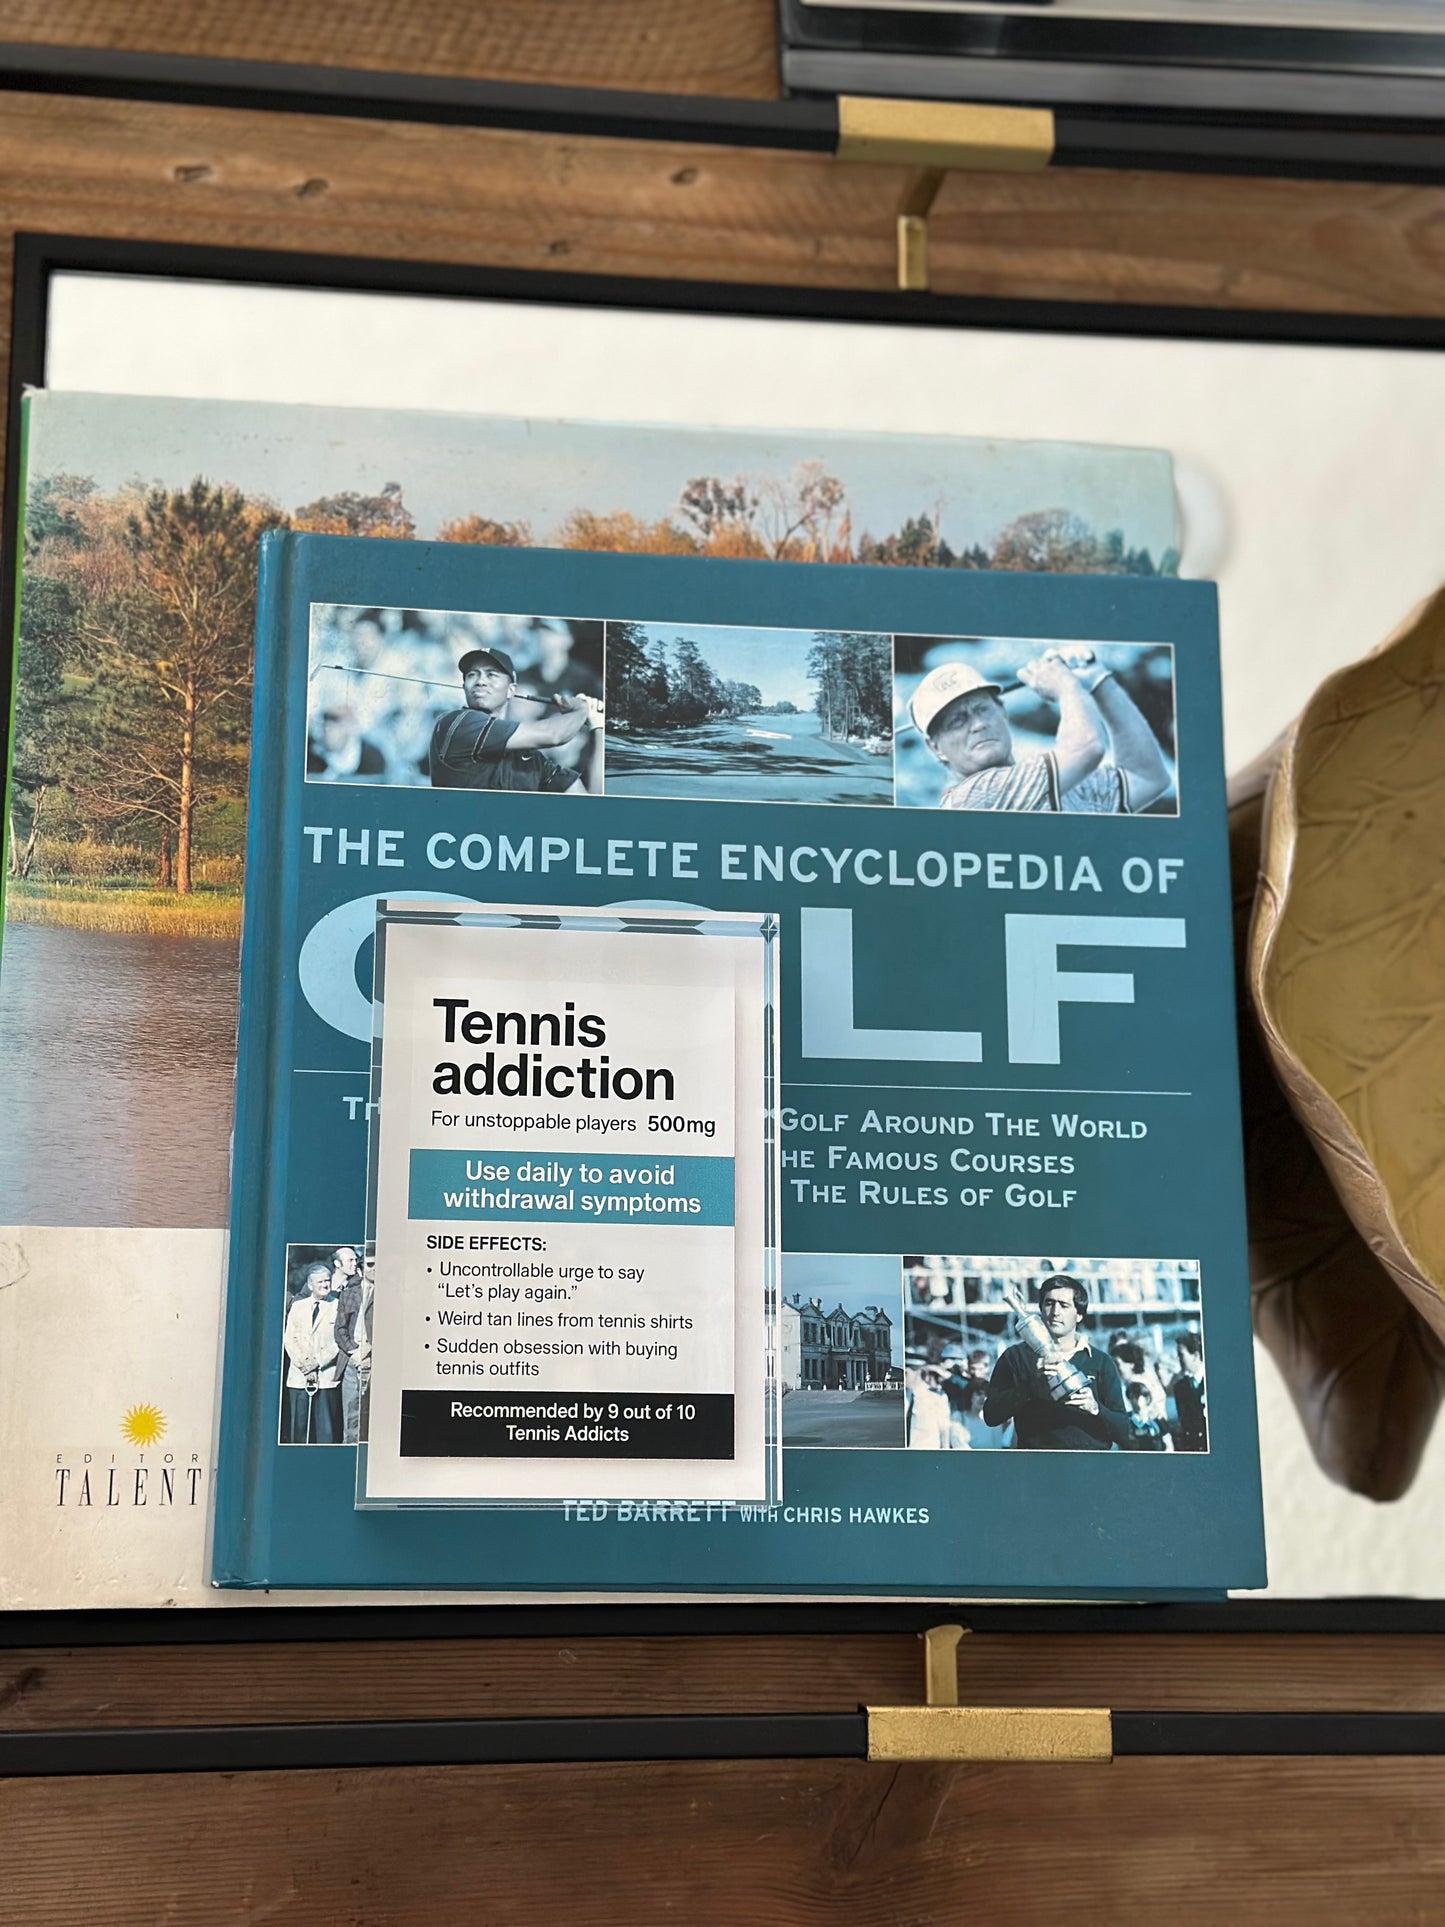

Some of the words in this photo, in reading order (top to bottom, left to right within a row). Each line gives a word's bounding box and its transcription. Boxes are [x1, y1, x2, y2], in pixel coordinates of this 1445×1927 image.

[303, 826, 405, 868] THE
[426, 832, 699, 879] COMPLETE
[720, 843, 1103, 893] ENCYCLOPEDIA
[1121, 857, 1185, 894] OF
[299, 890, 1187, 1065] LF
[433, 998, 606, 1048] Tennis
[432, 1052, 674, 1101] addiction
[432, 1110, 460, 1127] For
[465, 1113, 571, 1132] unstoppable
[576, 1114, 636, 1134] players
[648, 1115, 716, 1138] 500mg
[780, 1107, 849, 1132] GOLF
[859, 1109, 974, 1135] AROUND
[985, 1112, 1040, 1137] THE
[1051, 1114, 1148, 1139] WORLD
[775, 1144, 815, 1169] HE
[828, 1145, 939, 1171] FAMOUS
[950, 1148, 1075, 1174] COURSES
[466, 1160, 510, 1181] Use
[517, 1161, 573, 1187] daily
[579, 1164, 603, 1184] to
[609, 1164, 675, 1186] avoid
[444, 1188, 574, 1211] withdrawal
[580, 1193, 701, 1216] symptoms
[790, 1179, 847, 1204] THE
[859, 1180, 949, 1206] RULES
[960, 1188, 993, 1206] OF
[1005, 1183, 1077, 1208] GOLF
[427, 1235, 464, 1250] SIDE
[469, 1236, 547, 1251] EFFECTS:
[440, 1262, 553, 1279] Uncontrollable
[559, 1267, 594, 1282] urge
[598, 1266, 614, 1279] to
[618, 1268, 644, 1283] say
[488, 1284, 520, 1301] play
[438, 1311, 482, 1326] Weird
[487, 1313, 513, 1327] tan
[517, 1312, 553, 1328] lines
[558, 1313, 593, 1328] from
[598, 1315, 645, 1329] tennis
[650, 1315, 693, 1329] shirts
[437, 1339, 498, 1354] Sudden
[503, 1341, 583, 1355] obsession
[589, 1341, 620, 1356] with
[625, 1342, 678, 1360] buying
[436, 1362, 484, 1375] tennis
[489, 1361, 539, 1376] outfits
[451, 1403, 578, 1419] Recommended
[583, 1404, 603, 1422] by
[608, 1404, 618, 1419] 9
[623, 1405, 651, 1420] out
[655, 1404, 672, 1420] of
[677, 1404, 696, 1420] 10
[506, 1425, 560, 1440] Tennis
[565, 1426, 629, 1442] Addicts
[56, 1453, 199, 1464] EDITOR
[55, 1468, 201, 1506] TALENT
[563, 1500, 608, 1522] TED
[617, 1500, 736, 1523] BARRETT
[740, 1506, 778, 1523] WITH
[783, 1507, 842, 1524] CHRIS
[849, 1507, 930, 1524] HAWKES
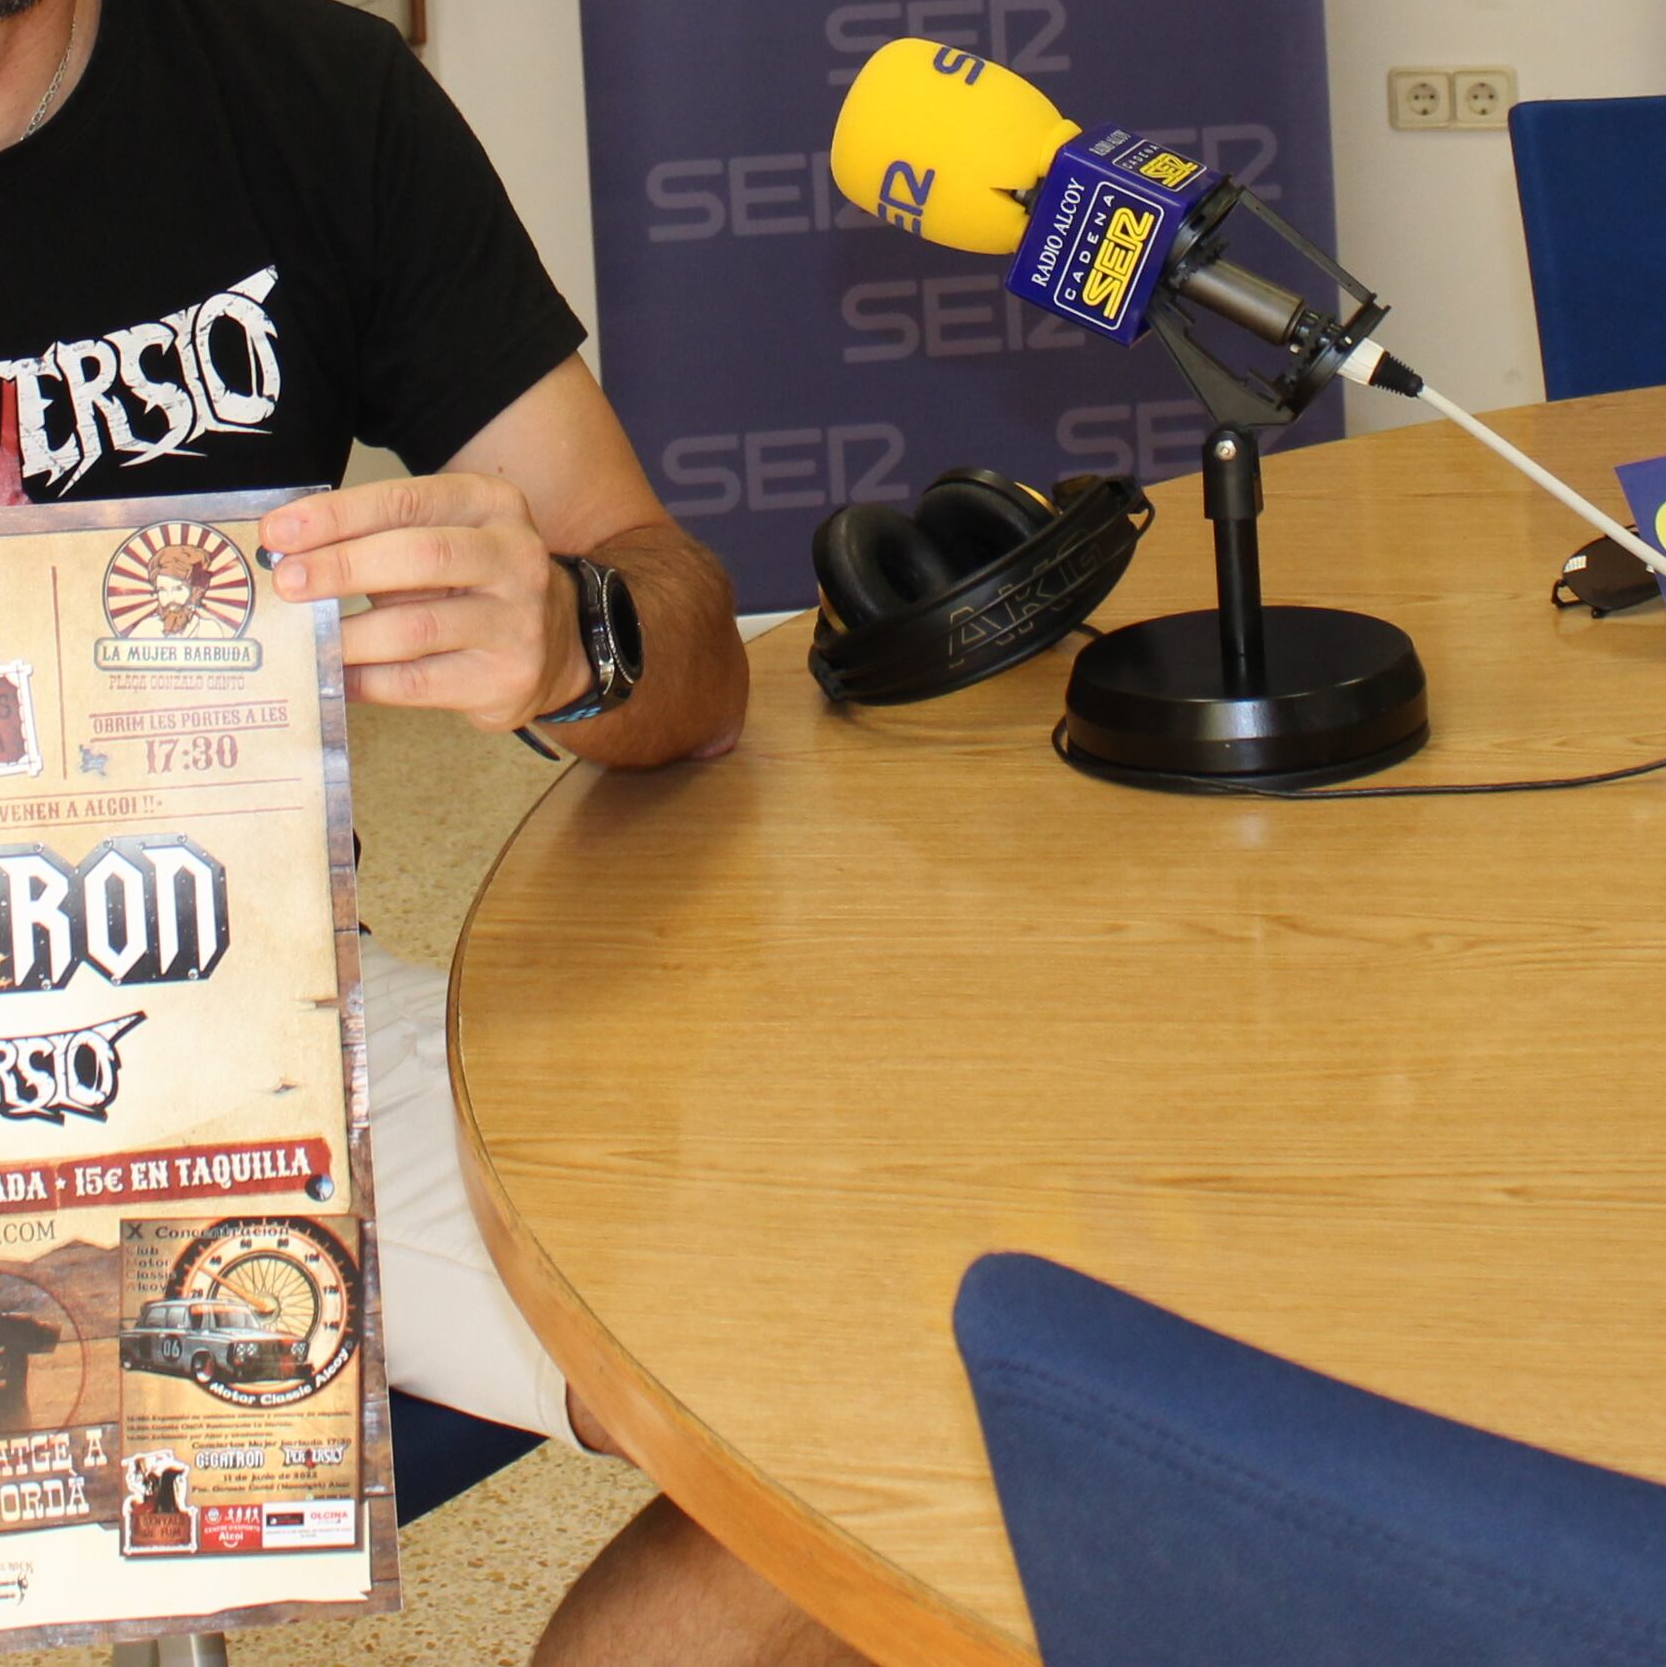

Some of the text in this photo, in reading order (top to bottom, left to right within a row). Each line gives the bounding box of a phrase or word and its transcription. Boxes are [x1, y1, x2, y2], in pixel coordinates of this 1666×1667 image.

[1139, 152, 1198, 188] SER
[1031, 177, 1085, 288] RADIO ALCOY
[1065, 194, 1115, 301] CADENA
[1082, 206, 1155, 320] SER
[662, 422, 910, 518] SER
[102, 646, 252, 662] LA MUJER BARBUDA
[93, 705, 288, 735] OBRIM LES PORTES A LES
[145, 734, 239, 775] 17:30
[66, 798, 80, 819] A
[84, 795, 138, 817] ALCOI
[74, 1165, 123, 1196] 15€
[130, 1160, 170, 1192] EN
[175, 1145, 312, 1189] TAQUILLA
[84, 1428, 108, 1467] A
[218, 1532, 244, 1542] Alcoi
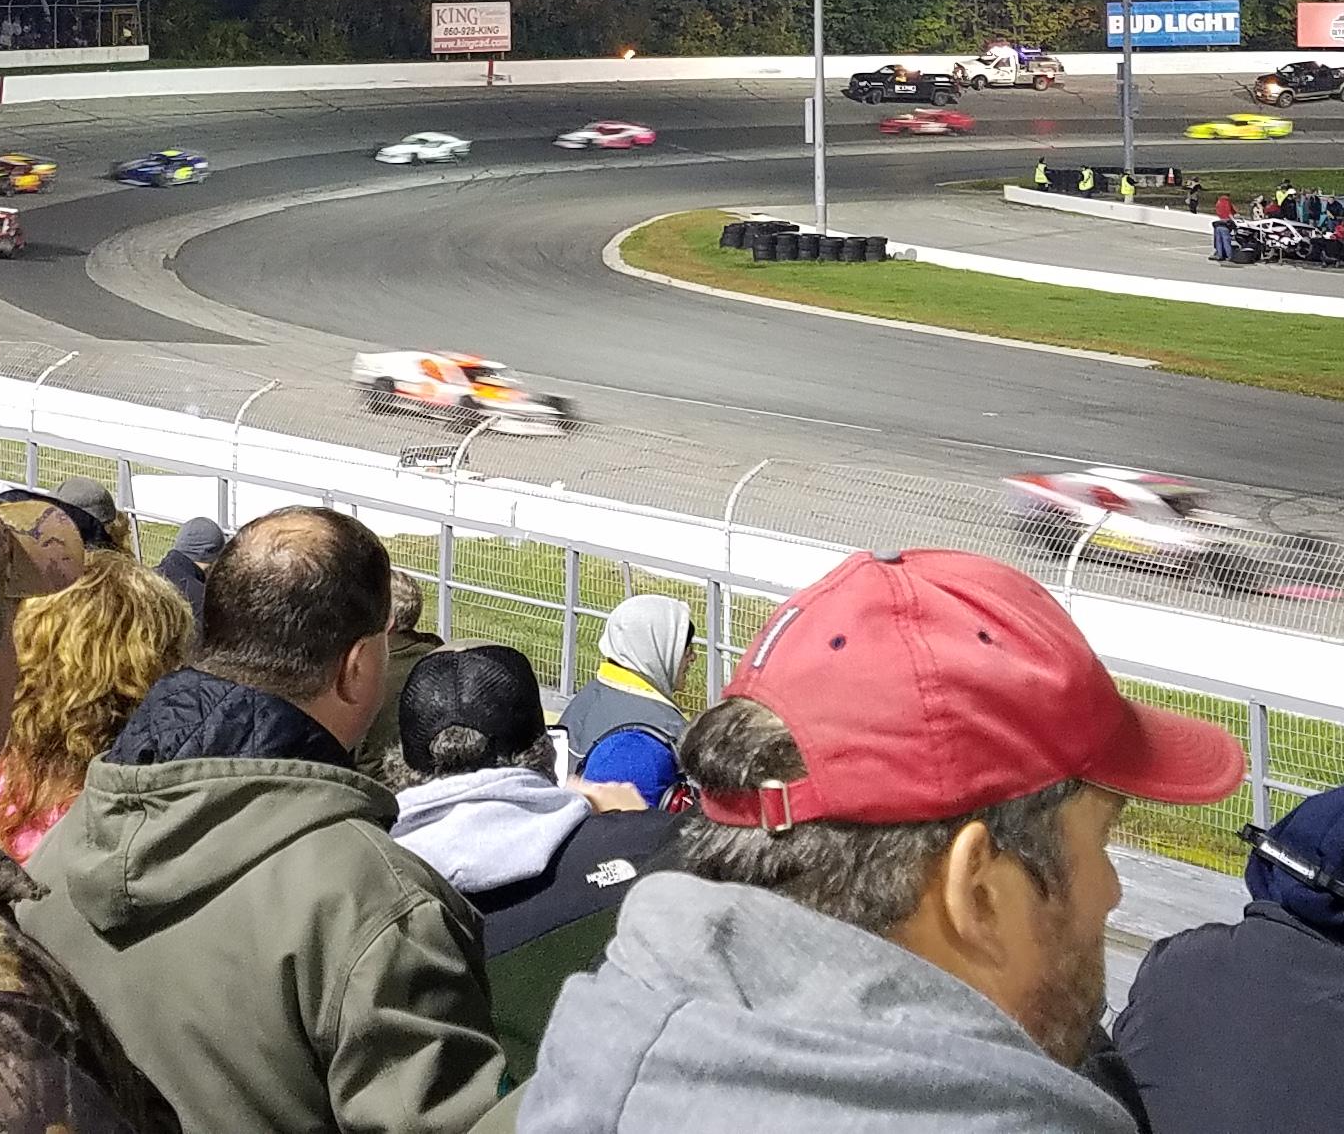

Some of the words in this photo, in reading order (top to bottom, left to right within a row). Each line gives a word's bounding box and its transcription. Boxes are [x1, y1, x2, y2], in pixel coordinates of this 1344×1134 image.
------------
* [What is being asked]
Repeat the material above word for word, please, apart from its images.

* [Result for this exercise]
Some of the words in this photo, in reading order (top to bottom, left to right within a row). Each line gives a word's bounding box and its transcription. Boxes are [x1, y1, x2, y2], in pixel coordinates of this 1445×1927 image.

[303, 826, 405, 868] THE
[426, 832, 699, 879] COMPLETE
[720, 843, 1103, 893] ENCYCLOPEDIA
[1121, 857, 1185, 894] OF
[299, 890, 1187, 1065] LF
[433, 998, 606, 1048] Tennis
[432, 1052, 674, 1101] addiction
[432, 1110, 460, 1127] For
[465, 1113, 571, 1132] unstoppable
[576, 1114, 636, 1134] players
[648, 1115, 716, 1138] 500mg
[780, 1107, 849, 1132] GOLF
[859, 1109, 974, 1135] AROUND
[985, 1112, 1040, 1137] THE
[1051, 1114, 1148, 1139] WORLD
[775, 1144, 815, 1169] HE
[828, 1145, 939, 1171] FAMOUS
[950, 1148, 1075, 1174] COURSES
[466, 1160, 510, 1181] Use
[517, 1161, 573, 1187] daily
[579, 1164, 603, 1184] to
[609, 1164, 675, 1186] avoid
[444, 1188, 574, 1211] withdrawal
[580, 1193, 701, 1216] symptoms
[790, 1179, 847, 1204] THE
[859, 1180, 949, 1206] RULES
[960, 1188, 993, 1206] OF
[1005, 1183, 1077, 1208] GOLF
[427, 1235, 464, 1250] SIDE
[469, 1236, 547, 1251] EFFECTS:
[440, 1262, 553, 1279] Uncontrollable
[559, 1267, 594, 1282] urge
[598, 1266, 614, 1279] to
[618, 1268, 644, 1283] say
[488, 1284, 520, 1301] play
[438, 1311, 482, 1326] Weird
[487, 1313, 513, 1327] tan
[517, 1312, 553, 1328] lines
[558, 1313, 593, 1328] from
[598, 1315, 645, 1329] tennis
[650, 1315, 693, 1329] shirts
[437, 1339, 498, 1354] Sudden
[503, 1341, 583, 1355] obsession
[589, 1341, 620, 1356] with
[625, 1342, 678, 1360] buying
[436, 1362, 484, 1375] tennis
[489, 1361, 539, 1376] outfits
[451, 1403, 578, 1419] Recommended
[583, 1404, 603, 1422] by
[608, 1404, 618, 1419] 9
[623, 1405, 651, 1420] out
[655, 1404, 672, 1420] of
[677, 1404, 696, 1420] 10
[506, 1425, 560, 1440] Tennis
[565, 1426, 629, 1442] Addicts
[56, 1453, 199, 1464] EDITOR
[55, 1468, 201, 1506] TALENT
[563, 1500, 608, 1522] TED
[617, 1500, 736, 1523] BARRETT
[740, 1506, 778, 1523] WITH
[783, 1507, 842, 1524] CHRIS
[849, 1507, 930, 1524] HAWKES

Some of the text in this photo, in reading order (top to bottom, left to right within a row). Each line gives the bounding box of a phrase or word and its transcription. Boxes are [x1, y1, x2, y2], in pixel coordinates of this 1666×1667 image.

[1139, 152, 1198, 188] SER
[1031, 177, 1085, 288] RADIO ALCOY
[1065, 194, 1115, 301] CADENA
[1082, 206, 1155, 320] SER
[662, 422, 910, 518] SER
[102, 646, 252, 662] LA MUJER BARBUDA
[93, 705, 288, 735] OBRIM LES PORTES A LES
[145, 734, 239, 775] 17:30
[66, 798, 80, 819] A
[84, 795, 138, 817] ALCOI
[74, 1165, 123, 1196] 15€
[130, 1160, 170, 1192] EN
[175, 1145, 312, 1189] TAQUILLA
[84, 1428, 108, 1467] A
[218, 1532, 244, 1542] Alcoi

Some of the words in this photo, in reading order (top to bottom, left to right within a row). Each line gives a word's bounding box and its transcription. Boxes are [x1, y1, x2, y2], in pixel coordinates of this 1344×1134 image.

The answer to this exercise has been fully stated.